Komitede 12 yıldır üye olarak yer alan Dr.Bülent Dizdarlı, seçimden önce Cumhurbaşkanı Mustafa Akıncı’ya da komiteden ayrılmak istediğini ilettiğini, ancak o dönem, Sn.Akıncı’nın bu kararını seçimden sonra uygulamaya koymasını istediğini söyleyen Dizdarlı, seçim bittikten sonra bu kararını ilettiğini ve artık İki Toplumlu Sağlık Komitesi’nde olmadığını söyledi.
Sistem çökerdi
Dr.Bülent Dizdarlı ülkemizde patlak veren salgının yönetimi için de düşüncelerini aktardı. Dizdarlı şöyle konuştu:
“İlk patlak verdiğinde 75 gün kapanmıştık. Şu anda yaşanan durum, salgın ve bulaş, 75 gün kapalı olduğumuz dönem yaşansaydı sistemimiz çökmüştü.”
Güven verilmeli
Pandemi yönetiminin sistemli şekilde yönetilmediğini söyleyen Dizdarlı, “En basiti testler yapılıyor.
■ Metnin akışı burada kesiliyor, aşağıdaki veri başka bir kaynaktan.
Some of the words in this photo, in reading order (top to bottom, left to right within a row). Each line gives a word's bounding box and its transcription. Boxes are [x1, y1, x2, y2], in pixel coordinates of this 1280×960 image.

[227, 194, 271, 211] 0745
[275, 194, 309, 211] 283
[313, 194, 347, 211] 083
PCR testi olsun diğer kan testleri olsun. Kimlere yapıldı, kaçı temaslı, kaçı random, kaçı yurt dışından gelen gibi detaylar var. Bu süreçte halka içi dolu verilerle bilgiler verilmeli ve güven duyulmasının sağlanmalı, güven verilmeli. Çok da bunun başarıldığını söyleyemeyiz.”
Temaslı Takip Ekibine övgü
Dr.Dizdarlı konuşmasının devamında pandemide görev yapan ve Başhemşire Fatma Savaşkan’ın başını çektiği temaslı takip ekibinden özgü ile bahsetti.
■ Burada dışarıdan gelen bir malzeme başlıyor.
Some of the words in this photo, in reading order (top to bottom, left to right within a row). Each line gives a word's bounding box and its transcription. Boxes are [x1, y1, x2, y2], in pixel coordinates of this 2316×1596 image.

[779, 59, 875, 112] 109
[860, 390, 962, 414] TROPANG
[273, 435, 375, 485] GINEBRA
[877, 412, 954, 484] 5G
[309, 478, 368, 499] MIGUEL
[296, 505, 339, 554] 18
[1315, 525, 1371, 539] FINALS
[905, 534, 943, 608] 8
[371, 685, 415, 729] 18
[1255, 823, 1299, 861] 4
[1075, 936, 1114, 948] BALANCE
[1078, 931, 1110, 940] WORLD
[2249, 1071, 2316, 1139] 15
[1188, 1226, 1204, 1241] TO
Dizdarlı, “Müthiş çalışan temaslı takip ekibi var. Bu ekip başarılı bir şekilde çalışmasa virüs bizde de patlardı. Burada hakkını vermeliyiz ki hükümet doğru işler yapıyor” dedi.
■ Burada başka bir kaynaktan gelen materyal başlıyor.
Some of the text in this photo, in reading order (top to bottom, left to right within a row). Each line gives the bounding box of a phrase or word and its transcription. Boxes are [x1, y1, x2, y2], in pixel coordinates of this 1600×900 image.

Yerel vakalar seçim nedeniyle arttı
Emekli Başhekim Dr.Bülent Dizdarlı şu anda ülkede artan yerel vakaların sebebinin seçimden 1 hafta önce halkın yanaşık düzene geçmesi,siyasi çalışmalar ve siyasi buluşmaların gerçekleşmesine bağladı.
Dizdarlı, “Temaslı takip sisteminden vazgeçilmesi konuşuluyor. Güney, Türkiye ve Avrupa vazgeçti. Ne oldu? Vakalar patladı. Bizde de seçimden 1 hafta önce virüs yokmuş gibi davranıldı, yanaşık düzene geçildi, maskeler çıktı, temasa dikkat edilmedi ve şu anda yerel vakalar arttı” yorumunda bulundu.
Eğitim en son durması gerekir
Dizdarlı, virüsün okullarda görülmeye başlaması üzerine “Eğitim en son durması gereken yerdir. Dünya Sağlık Örgütü de Birleşmiş Milletler de bununla ilgili yaptığı açıklamada eğitimde kaybedilen 2-3 ayın geri kazanılmasının 1-2 seneye mal olabileceğini bu yüzden de eğitim gerekli tedbirler alınarak sürmesi gerekir. Biz ülkede okullarda, eğitimde gerekli tedbirleri alıyor muyuz? Bundan çok emin değilim” dedi.
“Okullarda ders verilmeli”
Objektif Söyleşiler’de konuşan Bülent Dizdarlı çocuklara okullarda ders verilmesi gerektiğini söyledi. Dizdarlı şöyle konuştu:
“Biz öğrenci iken okullarda bize belli saatlerde günlük hayata yönelik dersler verilirdi. Belki de şu anda da okullarda çocuklara koronavirüsle mücadele ve yaşamaya yönelik dersler verilmeli.
Çocuklara bununla ilgili eğitim verilmeli. Yapılıyor mu bilmiyorum ama yapılıyorsa duymadım.
Çocuklar çok etkilidir. Çocuğun ebeveyine maske takma konusunda bile yapacağı en küçük uyarı ebeveyini etkiler ve hatadan dönülmesini sağlar.”
“Futbol halen risklidir”
Ahmet Özsoy’un spor ve futbol özelindeki sorusu üzerine fikirlerini aktaran Dr.Bülent Dizdarlı şunları söyledi:
“Pandemi ülkemizde patlak verdiğinde Çetinkaya Başkanı olduğum için farklı değerlendirildi söylediklerim ancak ben halen daha futbolun oynanmasının çok riskli olduğunu düşünürüm.
O dönem Futbol Federasyonu Başkanı benim düşüncelerimi eleştirirken ve futbolun oynanmasını isterken, şu anda ise benim söylediklerimin aynisini tekrarlıyor.”